§ Exercise brief
Leaving all pictures aside, write out the records below precisely as given.

§ Source material
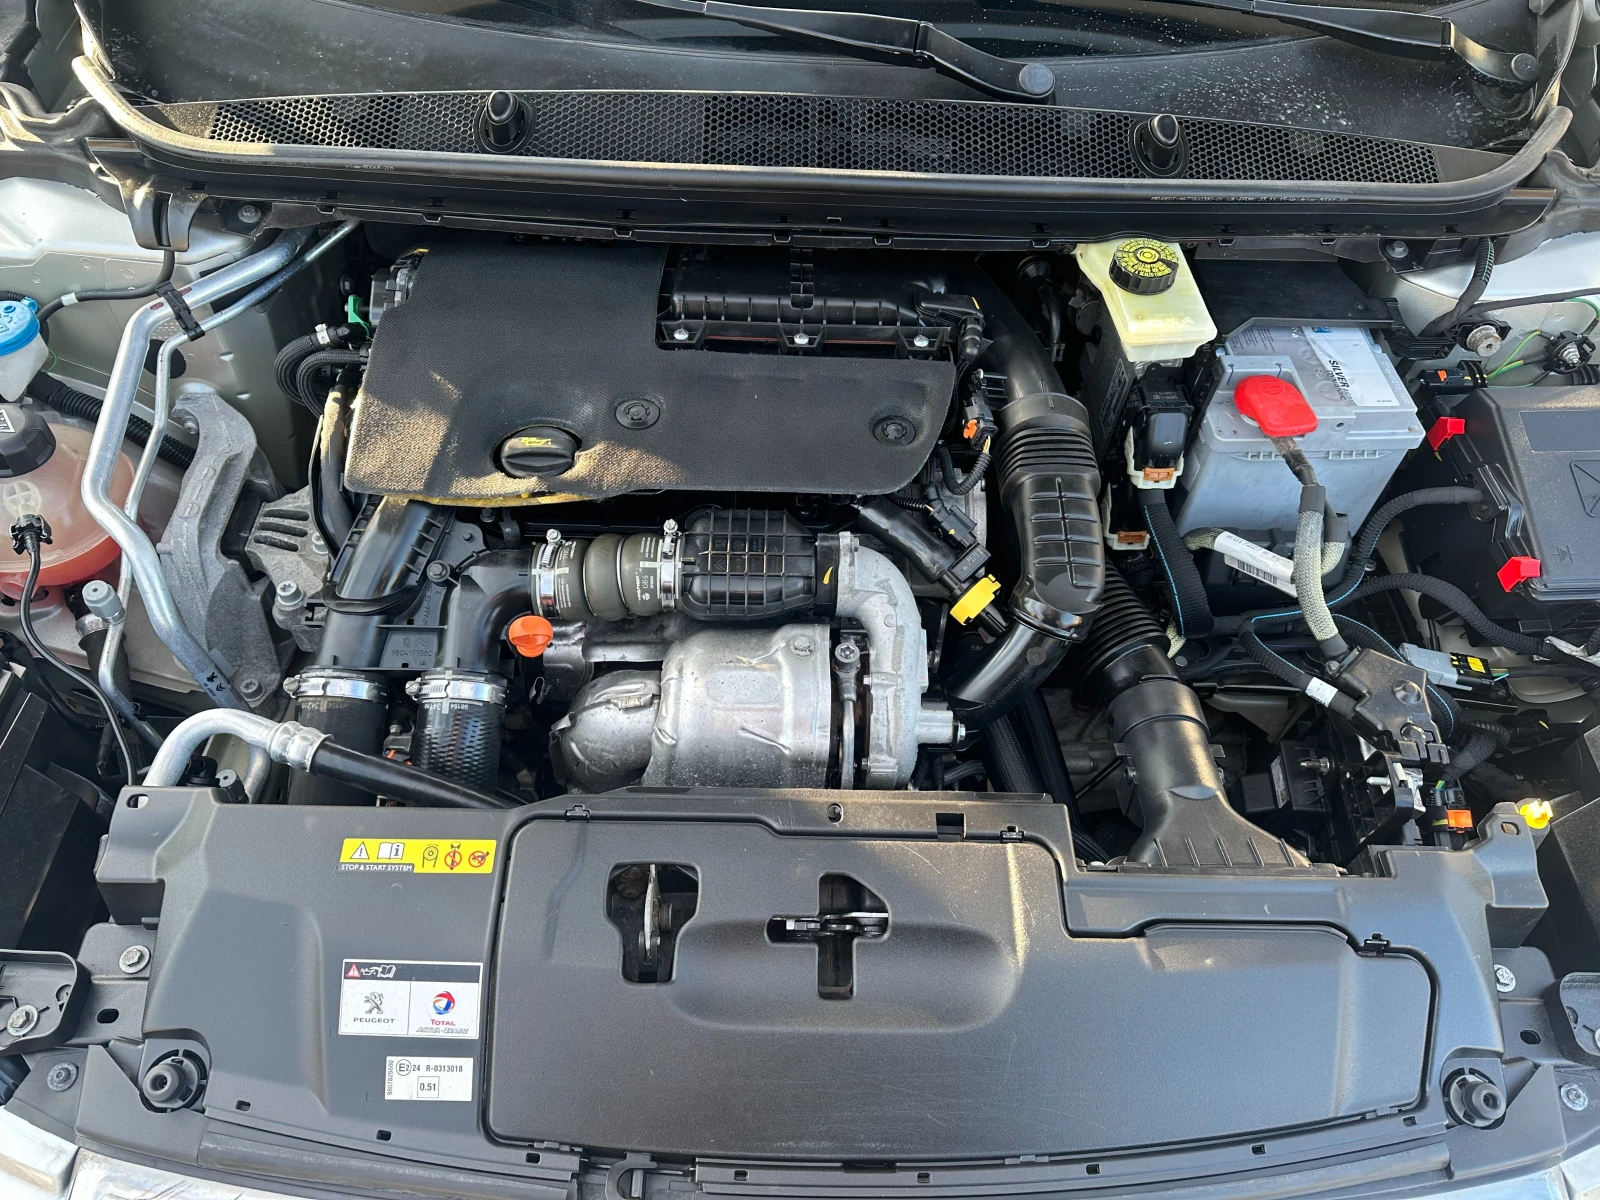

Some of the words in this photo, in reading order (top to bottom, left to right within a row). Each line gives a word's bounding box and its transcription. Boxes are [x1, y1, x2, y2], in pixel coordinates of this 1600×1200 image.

[1328, 359, 1350, 389] SILVER
[340, 863, 359, 871] STOP
[430, 1018, 456, 1026] TOTAL
[412, 1064, 421, 1072] 24
[425, 1064, 463, 1073] R-0313018
[419, 1082, 436, 1092] 0.51

§ Solution for this exercise
Some of the words in this photo, in reading order (top to bottom, left to right within a row). Each line gives a word's bounding box and its transcription. Boxes are [x1, y1, x2, y2], in pixel coordinates of this 1600×1200 image.

[1328, 359, 1350, 389] SILVER
[340, 863, 359, 871] STOP
[430, 1018, 456, 1026] TOTAL
[412, 1064, 421, 1072] 24
[425, 1064, 463, 1073] R-0313018
[419, 1082, 436, 1092] 0.51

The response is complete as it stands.